(Posted June 15, 2022)
By Dedra Cordle, Staff Writer/Photographer
Clara Hall thinks of herself as a good person but freely admits there could be room for growth.
“I want to learn how to be an even better person,” stated the 11-year-old from West Jefferson.
As a part of a self-devised summer enrichment challenge, Hall came up with a variety of things she could do to achieve her personal improvement goals. Near the top of the list was learning by example from those she considers to be real-life heroes.
For as long as she can remember, Hall has admired officers of the law, believing them to be beacons of good for those in need.
“They want to protect people and help the community,” she said.
Desiring to acquire those traits, Hall signed up for the Junior Deputy Academy program hosted by the DARE division of the Madison County Sheriff’s Office. The academy took place June 6-10.
Established in the mid-2000s, the academy is open to elementary and middle school-aged children who either show an aptitude for the profession or simply are curious about a hands-on and behind-the-scenes look at the career.
Due to funding issues, the program has been held sporadically over the years but has maintained a constant presence in the hearts and minds of the community.
“There is not a week that goes by where I am not asked about this program,” said Dep. Roberta Roberts, the academy’s coordinator. “It is one of the most popular programs we have, but unfortunately we have just not been able to host it on a regular basis.”
The last time the academy was held was in 2017, but it did receive another funding green light in 2020.
“We were so excited to be able to say to the community that the academy was back,” said Roberts, a 21-year veteran of the department. “We had all of our activities planned, and we were just about to print the flyers to recruit, but then COVID hit and shut us down.”
When this year rolled around, Roberts, her fellow deputies, and her friends at other area law enforcement departments were adamant the academy take place this summer.
With the five-year gap, Roberts was worried there would be little interest from the youth in the community.
“I thought it would be out of sight, out of mind,” she said.
That was not the case. More than two dozen children applied and showed up for the day camp that was headquartered at St. Patrick School in London.
During the course of the five-day academy, cadet campers got a look at what it’s like to be a criminal. For instance, with the help of virtual reality goggles, they learned what it is like to drive a car while impaired. They also created mock crime scenes where they were apprehended, handcuffed and fingerprinted.
Making the various experiments and experiences possible were the Sheriff’s Office, Madison County Emergency Management Agency, Ohio Bureau of Identification and Investigation, and partner agencies in London and West Jefferson. The children also watched presentations on gun safety, Internet safety, first aid, and K-9 teams.
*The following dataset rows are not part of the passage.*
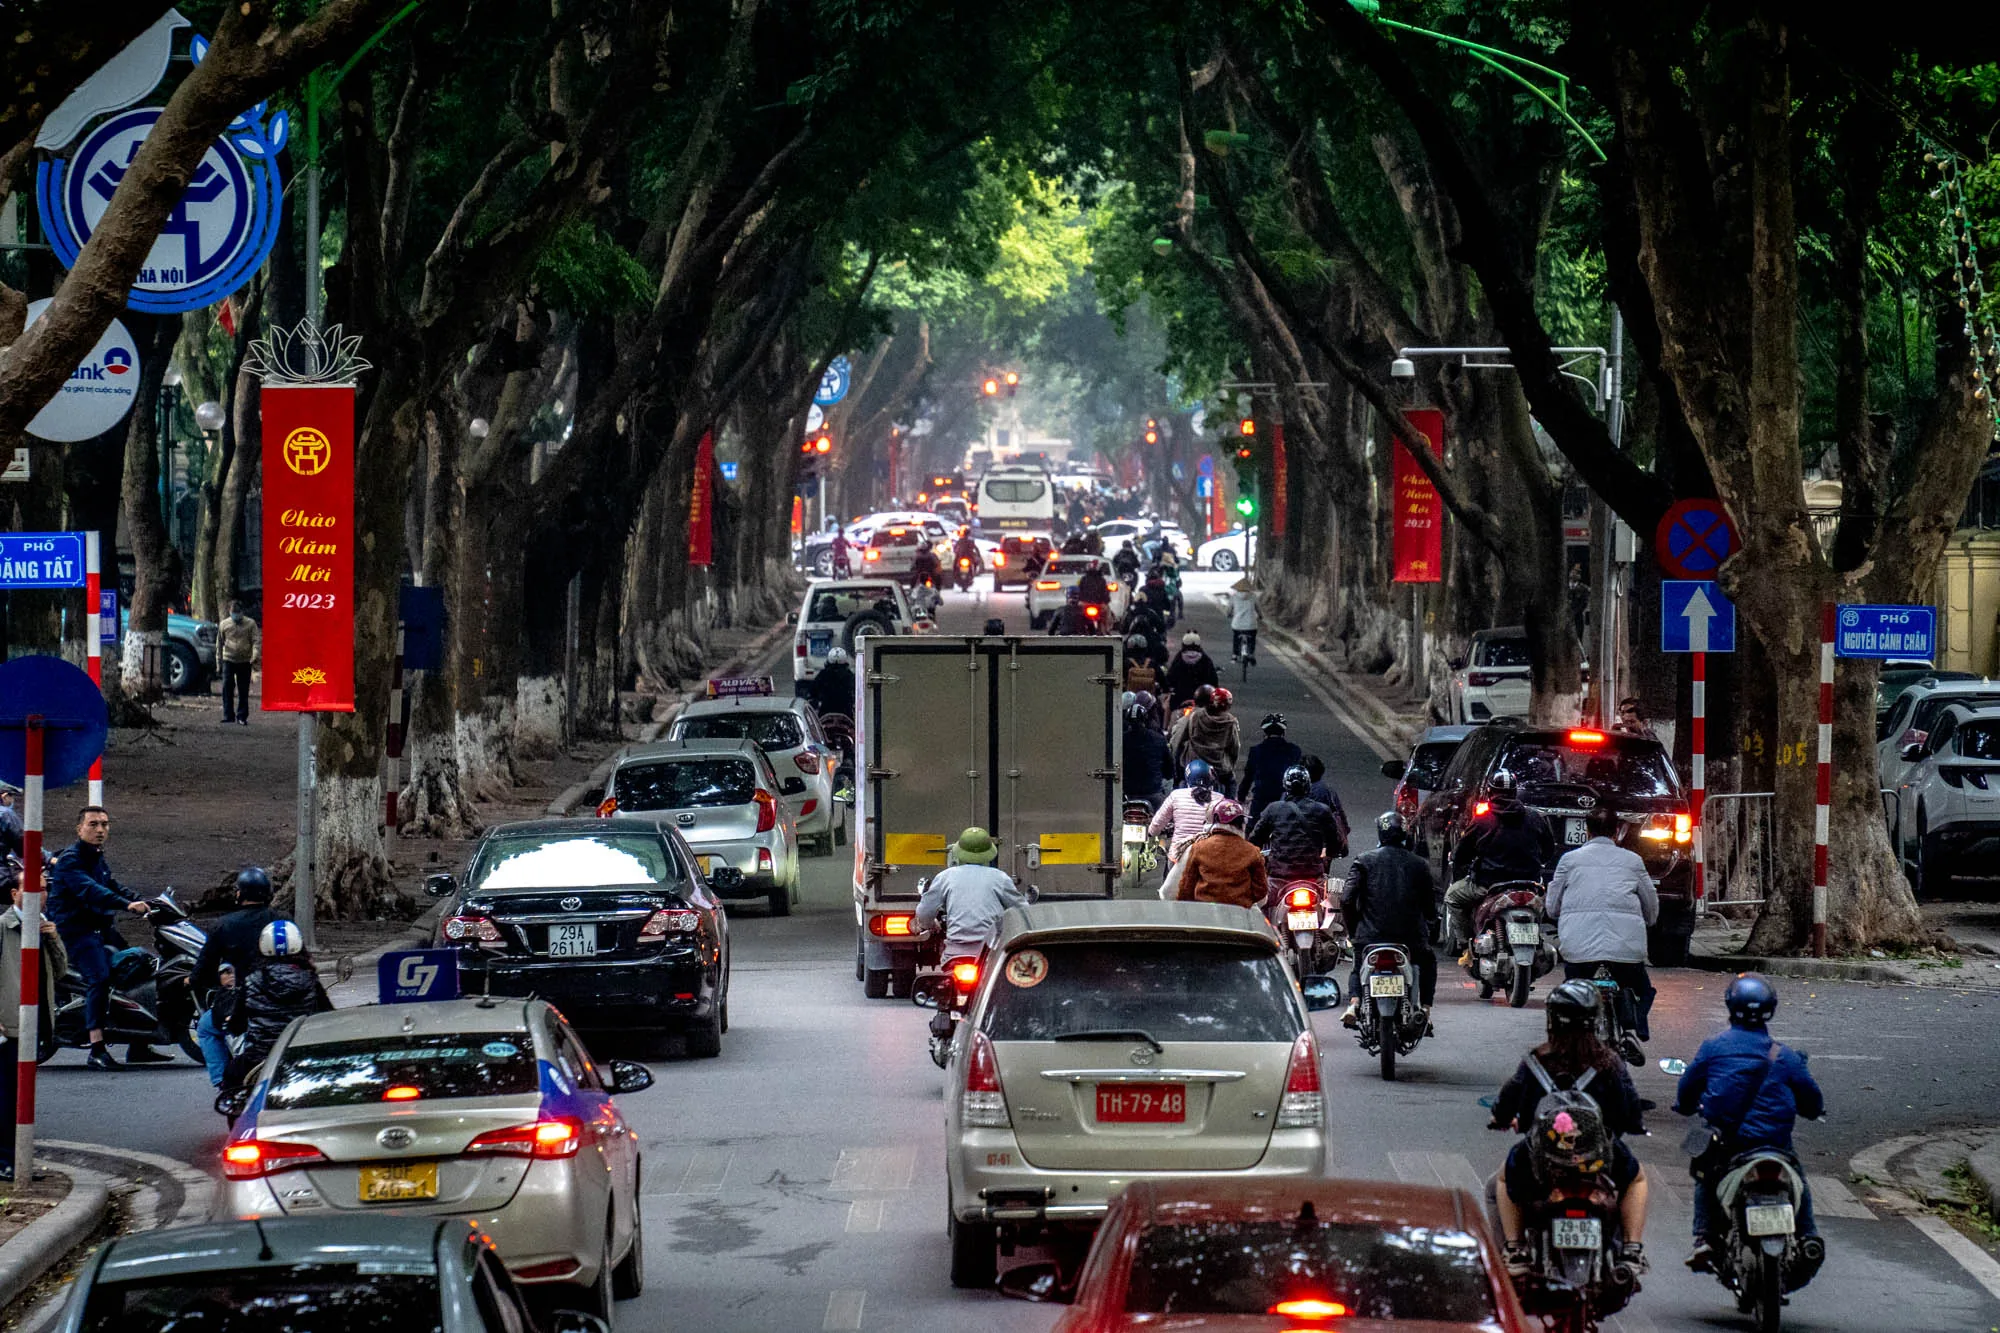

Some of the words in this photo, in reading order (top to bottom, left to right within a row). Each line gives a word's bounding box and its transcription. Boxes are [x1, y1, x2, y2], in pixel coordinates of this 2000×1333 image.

[161, 267, 184, 286] NỘI
[70, 363, 105, 381] ank
[281, 509, 335, 527] Chào
[1404, 519, 1432, 529] 2023
[24, 538, 56, 552] PHỐ
[280, 537, 336, 555] Năm
[0, 557, 39, 582] ẶNG
[44, 555, 73, 579] TẤT
[285, 564, 330, 582] Mới
[282, 593, 335, 610] 2023
[1880, 611, 1910, 624] PHỐ
[1844, 627, 1877, 650] NGUYỄN
[1879, 627, 1902, 651] CẢNH
[1903, 630, 1927, 651] CHÂN
[560, 926, 585, 940] 29A
[551, 942, 593, 956] 261.14
[1100, 1093, 1182, 1114] TH-79-48
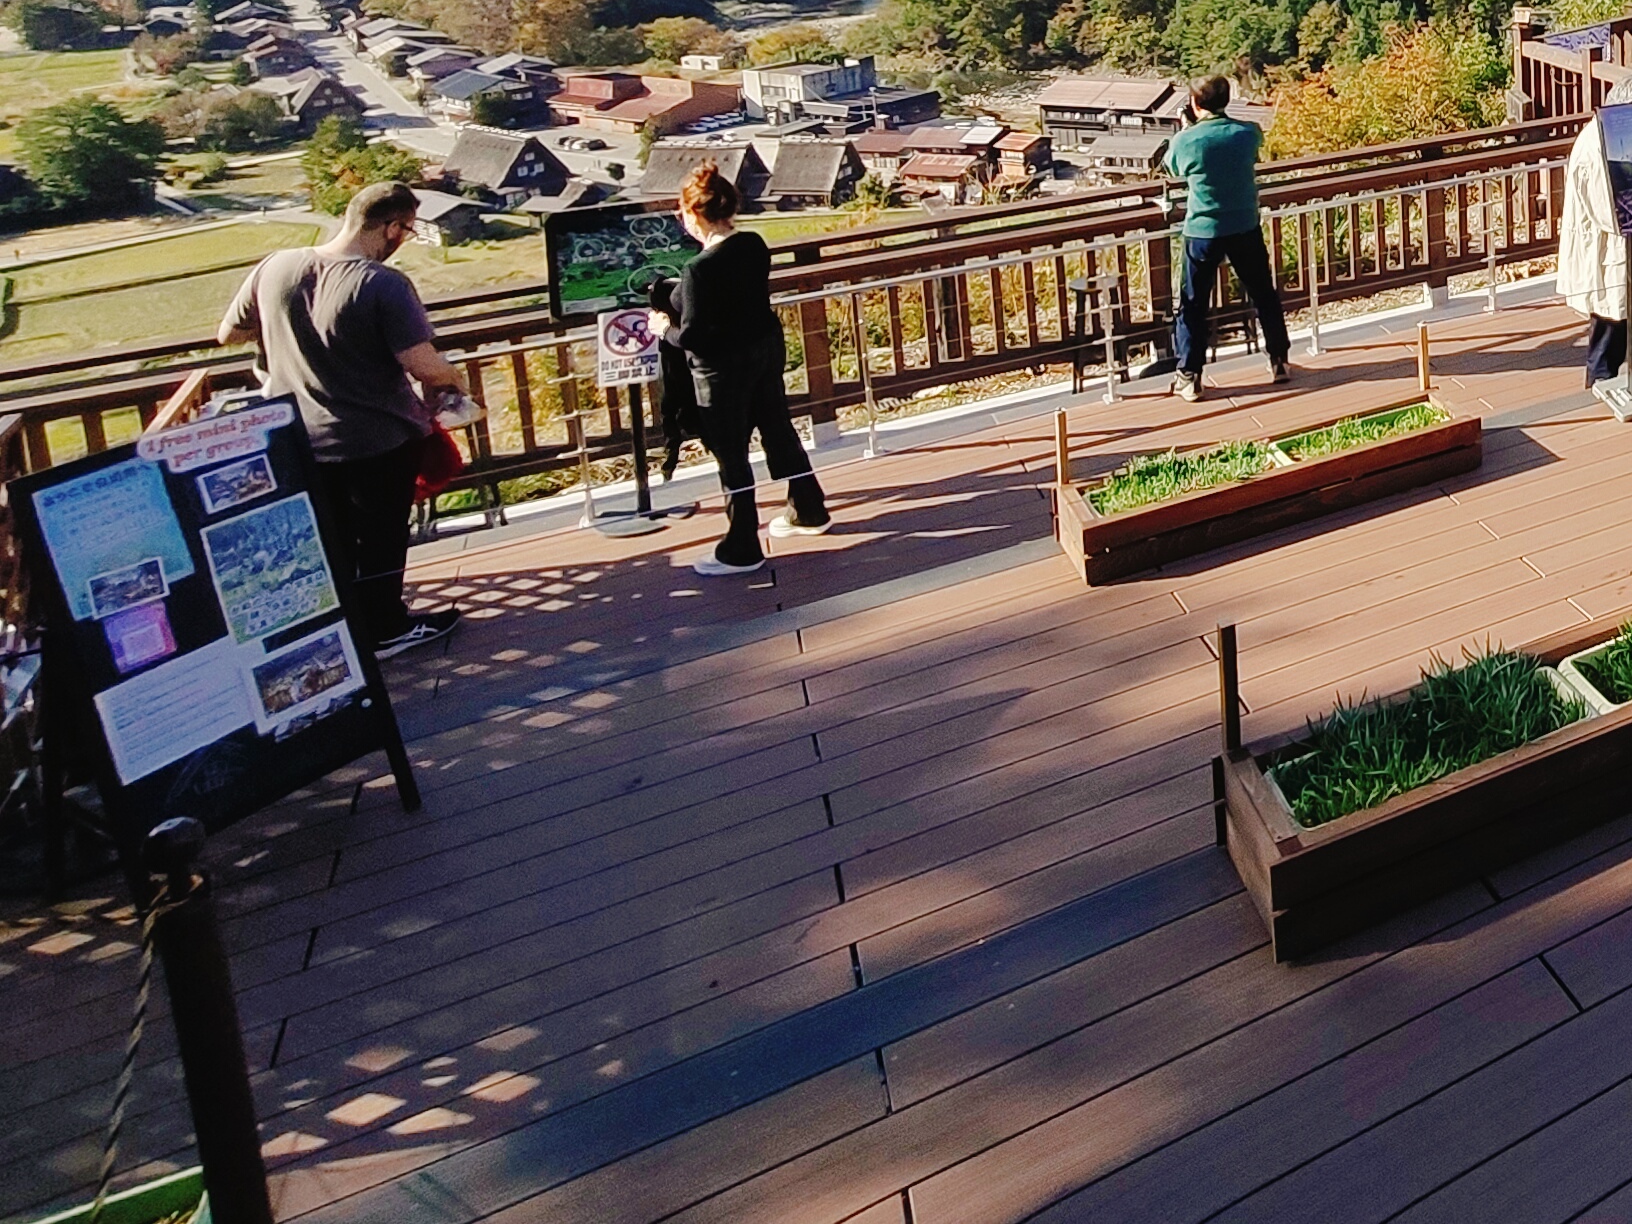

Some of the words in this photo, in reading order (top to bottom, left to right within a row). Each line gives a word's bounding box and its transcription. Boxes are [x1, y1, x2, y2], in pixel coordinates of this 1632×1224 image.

[157, 433, 192, 454] free
[197, 419, 237, 440] mini
[240, 410, 287, 433] photo
[172, 448, 202, 467] per
The latter proved to be quite popular.
On June 8, Dep. Darrah Metz with the Franklin County Sheriff’s Office visited the academy with therapy dog, Mattis. The children gave Mattis lots of affection while learning about the benefits of the program. On June 10, London Police Officer Michael Combs visited the academy with K-9 officer Ygor. The children weren’t able to give him as much affection as they wanted. Ygor was still “on the job” and fixated on his human partner and favorite toy. But the duo’s duties and demonstrations of teamwork sparked interest in quite a few cadets.
“I’ve decided I want to be a K-9 officer,” said Roman Smith, 13. “I’ve always wanted to be a cop, I love dogs, and I just want to be a part of that unit when I grow up.”
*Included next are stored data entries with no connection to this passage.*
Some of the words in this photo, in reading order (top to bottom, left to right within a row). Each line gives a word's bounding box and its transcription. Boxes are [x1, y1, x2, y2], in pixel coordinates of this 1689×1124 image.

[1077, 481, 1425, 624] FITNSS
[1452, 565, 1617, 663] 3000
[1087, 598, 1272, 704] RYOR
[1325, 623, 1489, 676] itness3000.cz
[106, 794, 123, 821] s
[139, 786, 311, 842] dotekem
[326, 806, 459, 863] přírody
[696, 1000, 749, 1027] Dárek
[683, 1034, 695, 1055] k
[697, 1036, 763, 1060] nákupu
Gabriella Markley, 9, shared a similar sentiment, but said she was drawn to the therapy dog side of the police canine division.
“They’re a bit calmer,” she said.
While not all of the cadet campers want to become officers of the law–Sawyer McKenzie, who earned Camper of the Week honors at the graduation ceremony on June 10, wants to be a teacher–they all expressed gratitude for revival of the Junior Deputy Academy.
“It has been a lot of fun, and I have learned so much,” said Hall, who learned CPR during the academy. “I think it definitely made me a better person, and I can take all of the things I learned here and do more things to help my community.”
Dep. Roberts also is thankful for the program’s return and says the department plans to host the academy again next summer and possibly create an advanced course for youths who have already gone through the program.
“This program means so much to me, to all of these departments, and to the community,” Roberts said. “Not only are we providing our children with a positive experience with law enforcement officials, but we are helping them to become better people through all of the teamwork demonstrations we do.
“While we do not expect everyone that comes through this academy to become police officers, we want them to continue to apply these lessons of kindness, treating others with respect, and showing a willingness to help the community in whatever job they choose to do and throughout the rest of their lives.”